Radiantes después de la pechá de bailar,
¿Qué sería de un viaje a Marruecos sin el regateo? Yasin baja un poco más, yala
Inevitable, después de cada compra toca baile o invitación a té: Remedios bailando y Hamud tocando
“Dum, dum” hace el corazón y la percusión
Comiendo, cantando y bailando se pasa la noche en la plaza Outa, delante de la Alcazaba. Momentos irrepetibles, percusión, flamenco y preciosas rimas

¿Por donde empezar madre mía?
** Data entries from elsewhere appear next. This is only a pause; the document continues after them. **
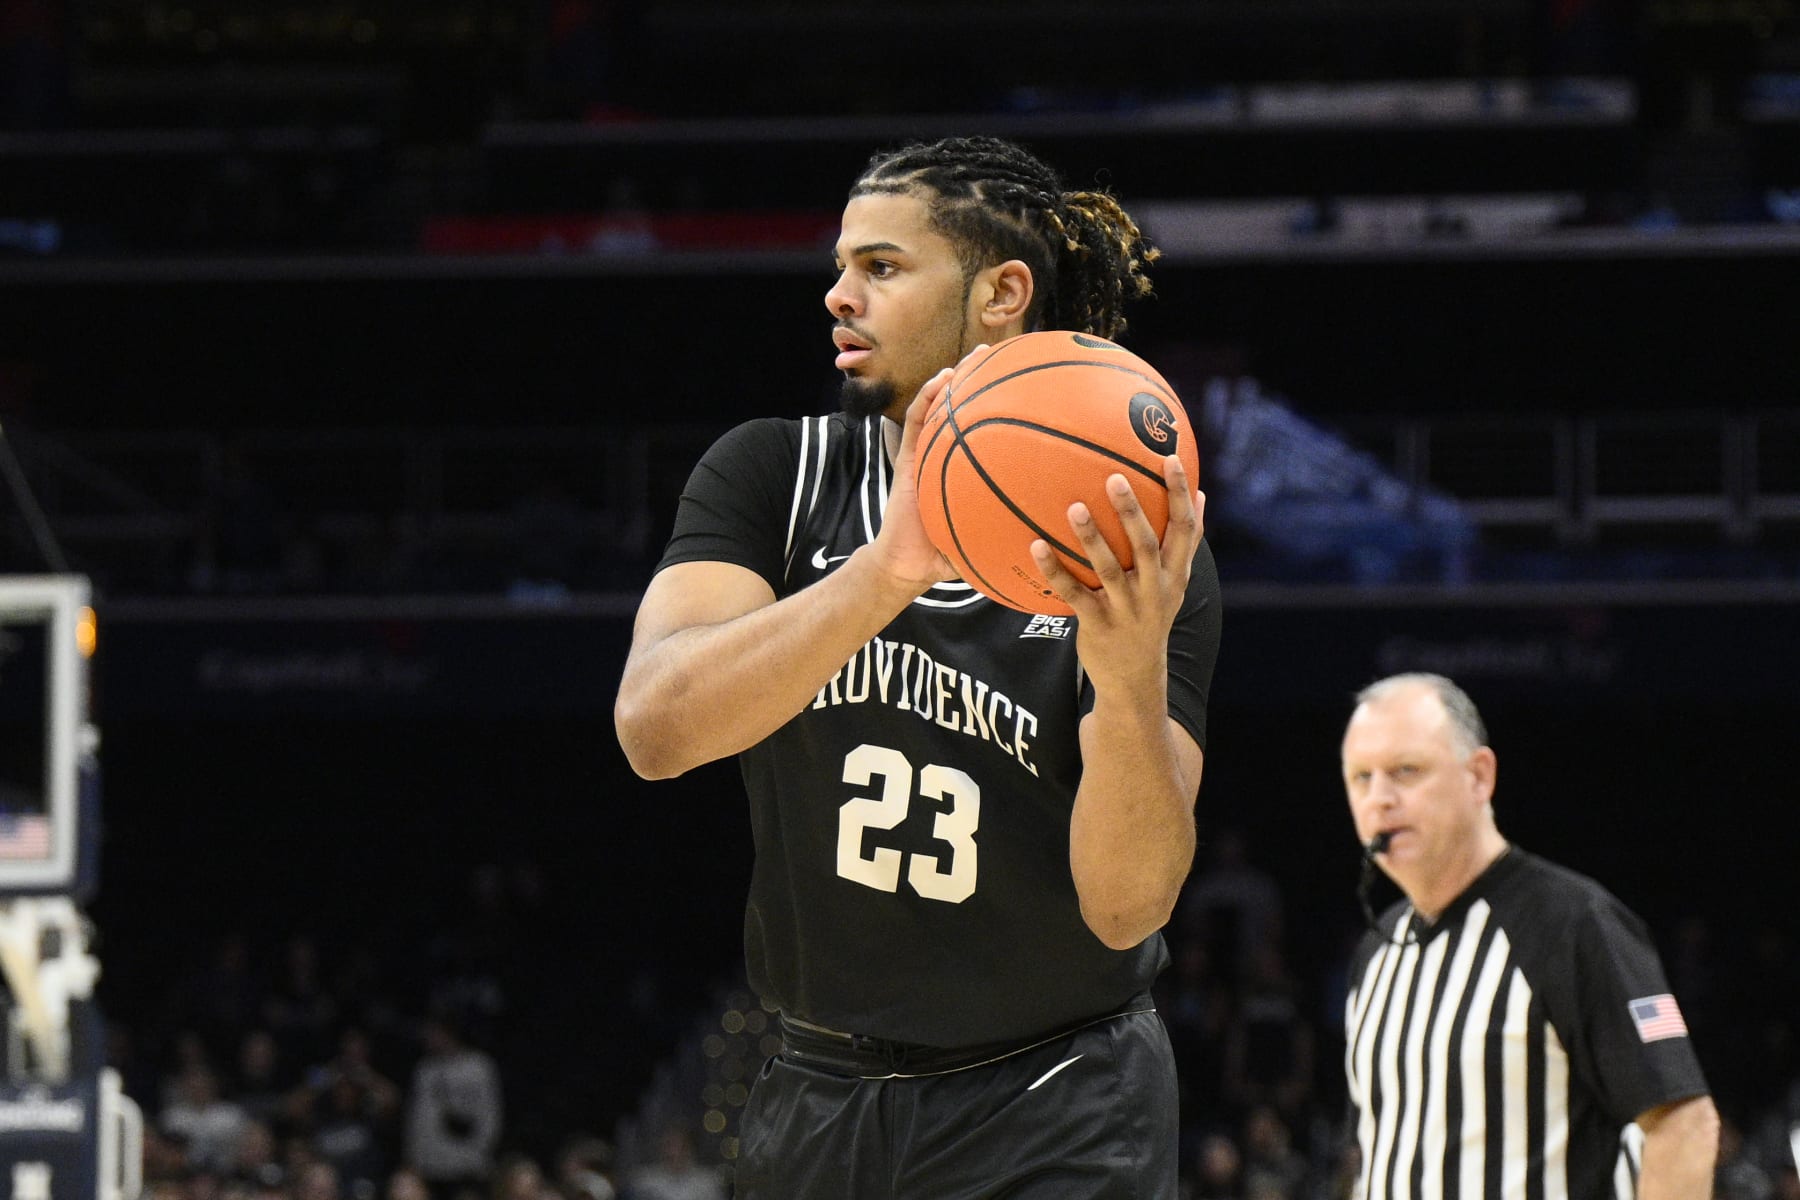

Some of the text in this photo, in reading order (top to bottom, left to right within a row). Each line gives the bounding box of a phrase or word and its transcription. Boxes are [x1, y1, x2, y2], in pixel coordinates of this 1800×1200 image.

[1030, 614, 1067, 627] BIG
[801, 637, 1039, 778] OVIDENCE
[837, 743, 980, 904] 23
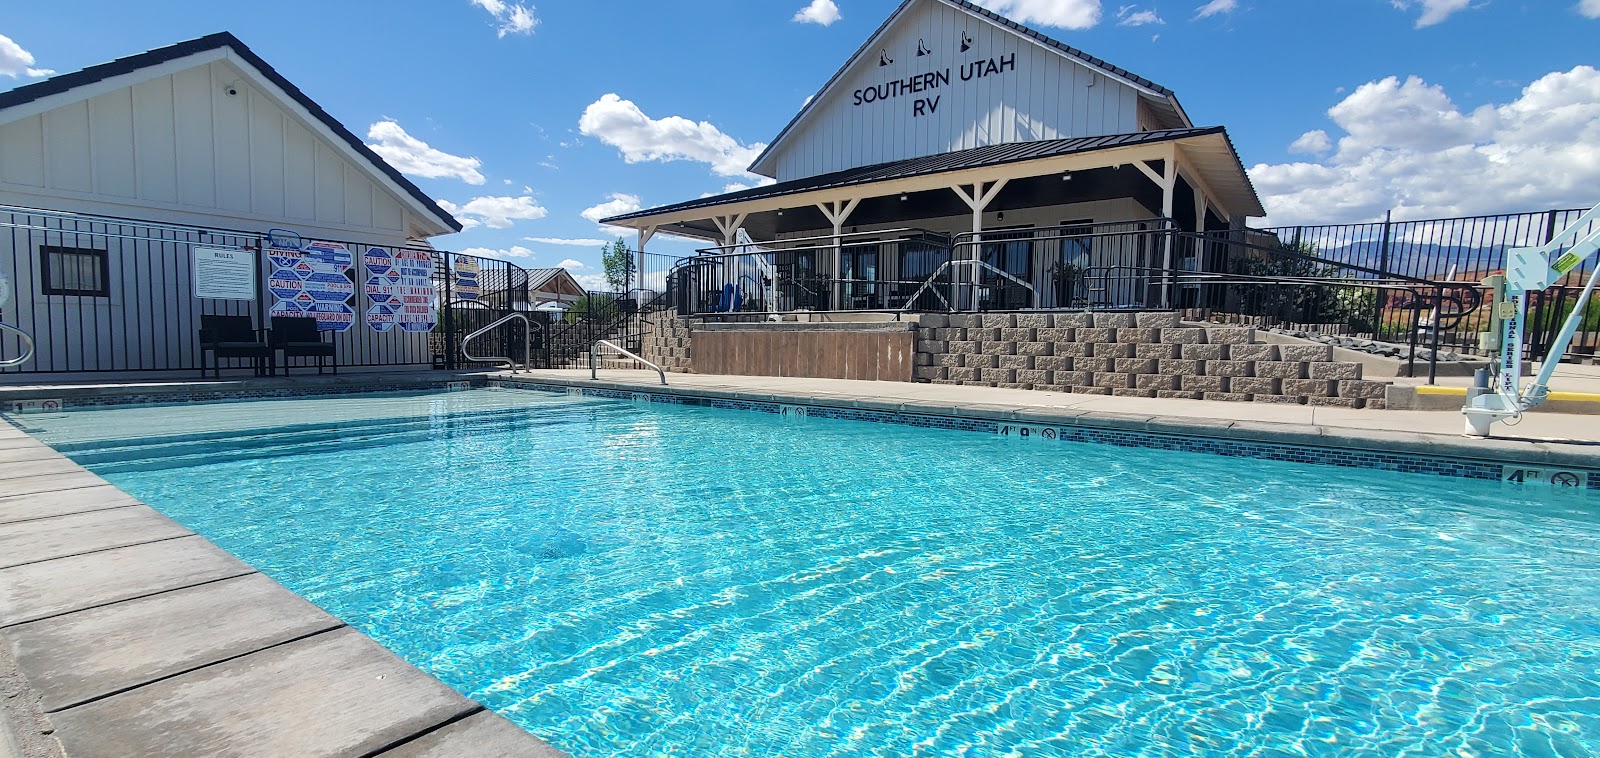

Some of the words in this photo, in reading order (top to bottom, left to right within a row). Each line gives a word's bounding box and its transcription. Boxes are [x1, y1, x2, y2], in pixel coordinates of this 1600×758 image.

[853, 68, 950, 106] SOUTHERN
[960, 52, 1015, 81] UTAH
[913, 95, 941, 117] RV
[269, 248, 302, 258] DIVING
[364, 257, 392, 266] CAUTION
[333, 264, 342, 273] 911
[270, 279, 302, 289] CAUTION
[366, 285, 380, 293] DIAL
[315, 303, 344, 313] WARNING
[336, 313, 342, 322] ON
[343, 313, 353, 322] DUTY
[367, 314, 395, 322] CAPACITY
[782, 406, 787, 414] 4
[1001, 426, 1008, 436] 4
[1507, 469, 1524, 482] 4
[1527, 470, 1538, 478] FT
En unos días nos ha cundido tanto.

Que gozada andar por las callecitas en chaclas, incluso andar descalza y mojarse los pies en el lavadero.
Nos hemos reído increíble con las friegas de jabón negro, aceite de argán y barro en el hamman de Casa Hassan.
Y la comida tan rica de Casa Sofía, ¡¡pero que pastela, la mejor del mundo!!
También vimos en primera fila como recogían a una novia en su casa, la fiesta que le hicieron los músicos y los invitados bailando y cómo la transportaban a pulso en un trono. Era el tercer día de boda y ahí estaban dándolo todo.

Sobre baile, ufff, increíble, un no parar. Por supuesto hemos bailando Danza del Vientre, pero aún hemos bailado más Flamenco, hasta en sueños se aparece el “Obi, obá, cada día te quiero más” y no sabemos cuanto durará jeje.
En la galería de arte Sueño Azul, en la plaza Outa, después de haber negociado en un puesto, en las Cuevas de Hércules (Tánger) y seguro que algún sitio más que se olvida.
Sacaban la percusión y la guitarra flamenca y ¡¡¡¡horas hemos bailado sin parar!!!!

Y no hemos dado abasto con las invitaciones de tés, que algunos se han quedado sin tomar.

Hemos hecho amistades, ¡¡no nos queríamos venir!!

Es sólo el primer viaje. Chefchaouen nos ha dejado recuerdos en el corazón.